From: jearl(at)bullysports(dot)com
To: "Thomas Swan" <tswan(at)idigx(dot)com>
Cc: "Bruce Momjian" <pgman(at)candle(dot)pha(dot)pa(dot)us>, "Tom Lane" <tgl(at)sss(dot)pgh(dot)pa(dot)us>, "Zeugswetter Andreas SB SD" <zeugswettera(at)spardat(dot)at>, "Greg Stark" <gsstark(at)mit(dot)edu>, <pgsql-hackers(at)postgresql(dot)org>, "PostgreSQL Win32 port list" <pgsql-hackers-win32(at)postgresql(dot)org>
Subject: Re: [HACKERS] Tablespaces
Date: 2004-03-05 18:54:00
Message-ID: 3c8np1kn.fsf@bullysports.com
Views: Raw Message | Whole Thread | Download mbox | Resend email
Thread:
Lists: pgsql-hackers pgsql-hackers-win32

"Thomas Swan" <tswan(at)idigx(dot)com> writes:

> jearl(at)bullysports(dot)com wrote:

[snip]

> Apparently, I have failed tremendously in addressing a concern. The
> question is does PostgreSQL need to rely on symlinks and will that
> dependency introduce problems?
>
> There is an active win32 port underway (see this mailing list).  
> One proposal was to try to use an OS specific filesystem feature to
> perform a symlink on NTFS.  Can the special symlink that NTFS
> allegedly supports be archived the same way symlinks are archived on
> Unix?  If so, is there a utility that can do this (zip, tar, etc). 
> The backup operator would still need to know what directories needed
> to be archived in addtion to the pgdata directory.    Is this
> symlink structure a normal/special file that can be archived by
> normal means (tar,zip, etc)?
>
> Example:
>
> PGDATA is C:\pgdata
> I have a tablespace in Z:\1\ and Z:\2\
> There exists an alleged symlink in
> C:\pgdata\data\base\tablespaces\schmoo -> Z:\1
>
> Can I archive [ C:\pgdata, Z:\1, Z:\2 ], restore them, and have
> postgresql working just as before?

My point is that if you are using some sort of sytem table, catalog
file, or whatever else (besides symlinks), you are still going to have
to backup up c:\pgdata z:\1 and z:\2 manually anyhow. Unless, of
course, you have some magical version of tar or zip that reads the
PostgreSQL specific configuration file and somehow "does the right
thing." At least with symlinks you have a fighting chance on some
platforms of being able to do:

tar zcvf /tmp/backup.tgz /usr/local/postgres/pgdata/

and have it do the right thing. Using PostgreSQL specific catalogs
you would force UNIX users (the majority of PostgreSQL users right
now) to back up their tablespaces manually. Forcing platforms with
symlinks to use your wacky symlink replacement just guarantees that
all platforms work equally poorly. It doesn't make the Win32 port any
better. You would still have to backup c:\pgdata z:\1\ and z:\2\
separately on Win32. The only difference is that now your misery
would have the company of all of the rest of us.

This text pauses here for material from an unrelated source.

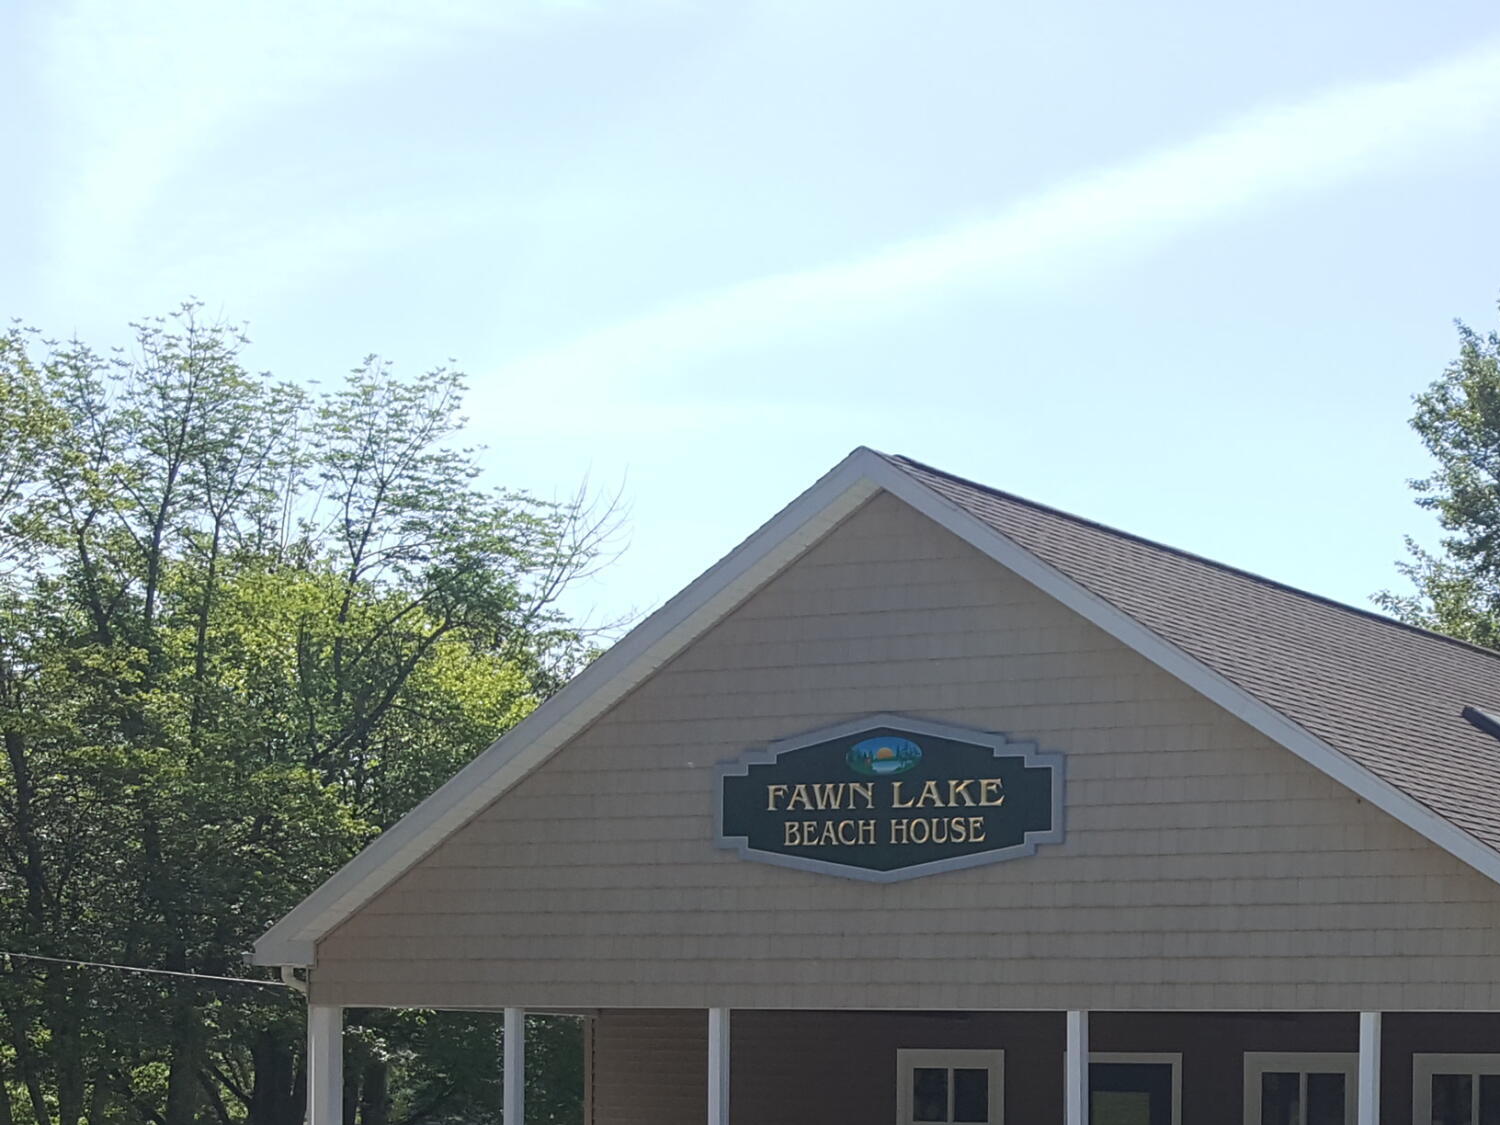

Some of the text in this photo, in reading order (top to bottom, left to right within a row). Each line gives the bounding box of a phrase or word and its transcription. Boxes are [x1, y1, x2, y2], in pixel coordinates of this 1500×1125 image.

[767, 778, 1005, 811] FAWN LAKE
[784, 816, 986, 846] BEACH HOUSE

>>>It seems a little insane to introduce an OS/filesystem dependency
>>>at the onset of a porting effort especially if you hope to be OS
>>>agnostic for feature sets.  I think someone would be crying foul if
>>>a new feature only worked on Linux and not on FreeBSD.    
>>>
>>
>>First of all, symlinks are a pretty popular "feature."  Even Windows
>>supports what would be needed.  Second of all, PostgreSQL will still
>>run on OSes without symlinks, tablespaces won't be available, but
>>PostgreSQL will still run.  Since we are all using PostgreSQL
>>without tablespaces now, it can hardly be argued that tablespaces
>>are a critical feature.
>>
>>We aren't talking about a "feature that work[s] on Linux on not on
>>FreeBSD."  We are talking about a feature that works on every OS
>>that suports symlinks (which includes even operating systems like
>>Windows that PostgreSQL doesn't currently support).
>
> Hello?  What was this response from Tom Lane? "My feeling is that we
> need not support tablespaces on OS's without symlinks."  That seems to
> be indicative of a feature set restriction base on platform.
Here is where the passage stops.